Come l’istituto Bruno Leoni ha fin da subito (PDF) e ripetutamente sostenuto, non basta tuttavia scrivere pareggio di bilancio nella rubrica della legge perché pareggio effettivamente sia.

In effetti, rispetto alla rigidità del concetto di pareggio di bilancio, che resta solo nella rubrica della legge costituzionale, il primo comma accoglie il concetto di un saldo elastico rispetto al ciclo, con esclusione di un vincolo di parità tra entrate e uscite assoluto per ogni bilancio, consegnando una “visione dinamica del principio dell’equilibrio, grazie alla quale in caso di output gap negativo la regola è rispettata in presenza di un disavanzo, nell’ambito di un saldo strutturale di medio periodo in pareggio”.
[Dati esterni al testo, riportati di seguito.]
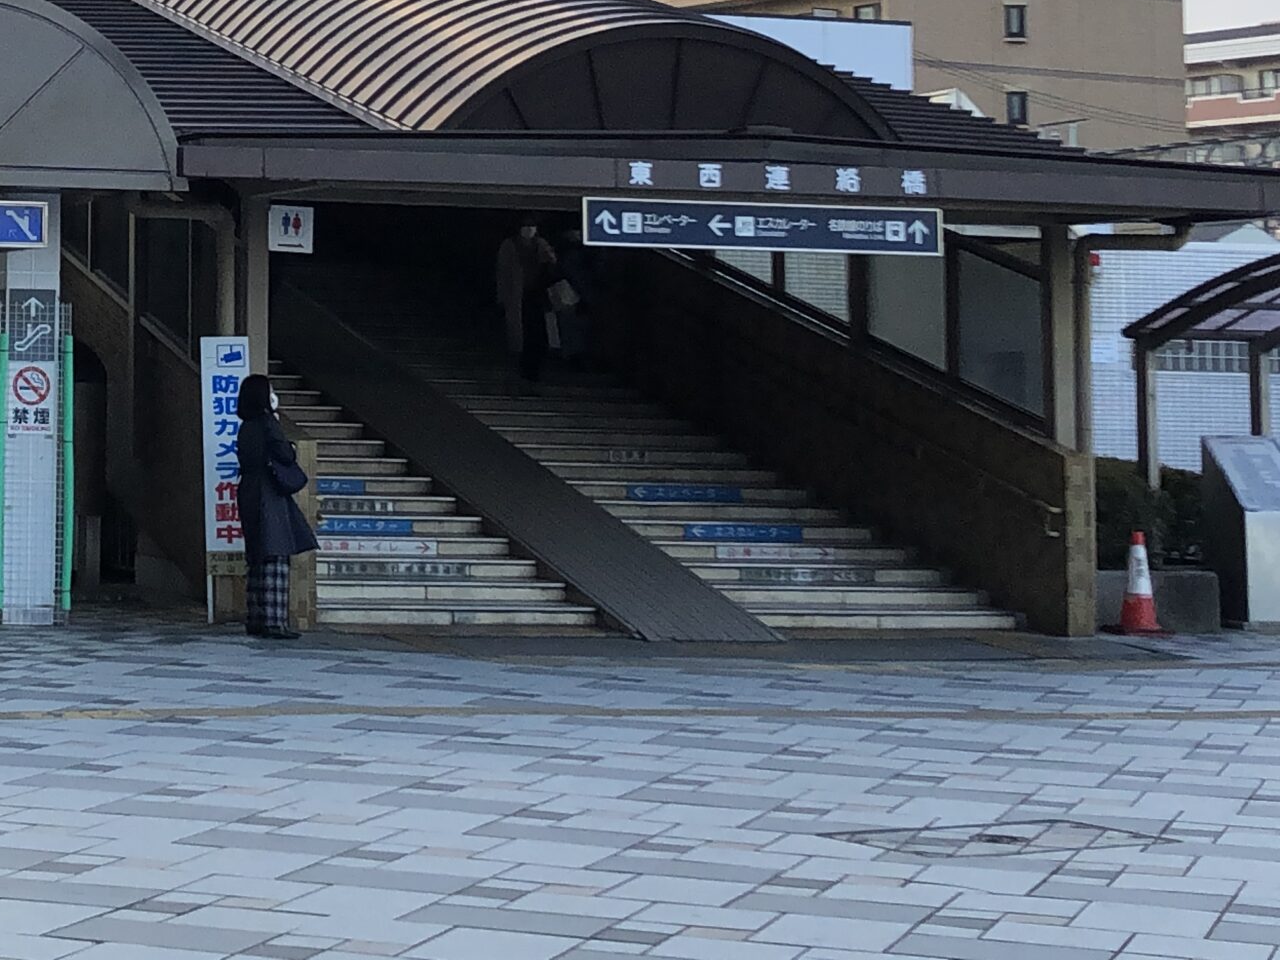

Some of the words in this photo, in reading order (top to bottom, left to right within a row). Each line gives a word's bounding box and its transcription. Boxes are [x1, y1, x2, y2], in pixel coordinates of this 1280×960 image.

[629, 161, 927, 195] 東西連絡橋
[12, 407, 50, 424] 禁煙
La legge rinforzata n. 243 del 24 dicembre 2012 di attuazione del nuovo art. 81, ha ulteriormente attenuato la portata della riforma (PDF), grazie a un rinvio al saldo strutturale definito in coerenza con l’ordinamento europeo sul cui significato ci siamo soffermati già qui.

Sembra quindi che di un principio innovatore di pareggio di bilancio, quantomeno distinto e più rigoroso rispetto a quel principio di equilibrio tendenziale fra entrate e spese che già emergeva, secondo la Corte costituzionale, dal precedente testo dell’art. 81, ci si sia presto dimenticati, ancor prima che entri in funzione l’Ufficio parlamentare per il bilancio, organismo preposto, secondo la riforma a produrre analisi, verifiche e valutazioni sulle previsioni macroeconomiche e di finanza pubblica, sugli andamenti di finanza pubblica e sull’osservanza delle regole di bilancio.

E a proposito di tale organismo, che secondo la legge di attuazione del pareggio dovrebbe entrare in funzione il primo gennaio dell’anno prossimo, pare che della sua costituzione non ci sia ancora traccia in Parlamento. La procedura di individuazione dei suoi membri richiede la nomina da parte dei Presidenti di Camera e Senato di tre soggetti scelti tra una rosa di dieci persone elette con voto a maggioranza qualificata da parte delle commissioni bilancio di Camera e Senato. Una procedura non eccessivamente complicata ma nemmeno immediata, che molto improbabilmente potrà essere conclusa nel giro di due mesi. Dal momento che, ad oggi, non si è a conoscenza di segnali che facciano supporre un interesse parlamentare alla nomina dei membri dell’Ufficio, e considerando anche che il Parlamento sarà impegnato nell’immediato futuro con questioni importanti come la legge di stabilità, è facile immaginare che l’entrata in funzione dell’Ufficio non rispetterà i tempi previsti e non avremo, almeno non nei tempi ordinati, quell’organismo che, come si legge nella lettera del Tavolo Civico per migliorare lo Stato inviata la scorsa settimana ai presidenti delle camere ed ai componenti delle commissioni bilancio, potrebbe “consentire al Parlamento di avere una visione indipendente e qualificata in contraltare alle documentazioni, troppo spesso lacunose, presentate da qualsiasi Governo passato in sede di votazione”.

Sarà forse questo disinteresse un elemento ulteriore per dedurre che la riforma del principio del pareggio di bilancio è stata sì apparentemente voluta, ma ben presto dimenticata?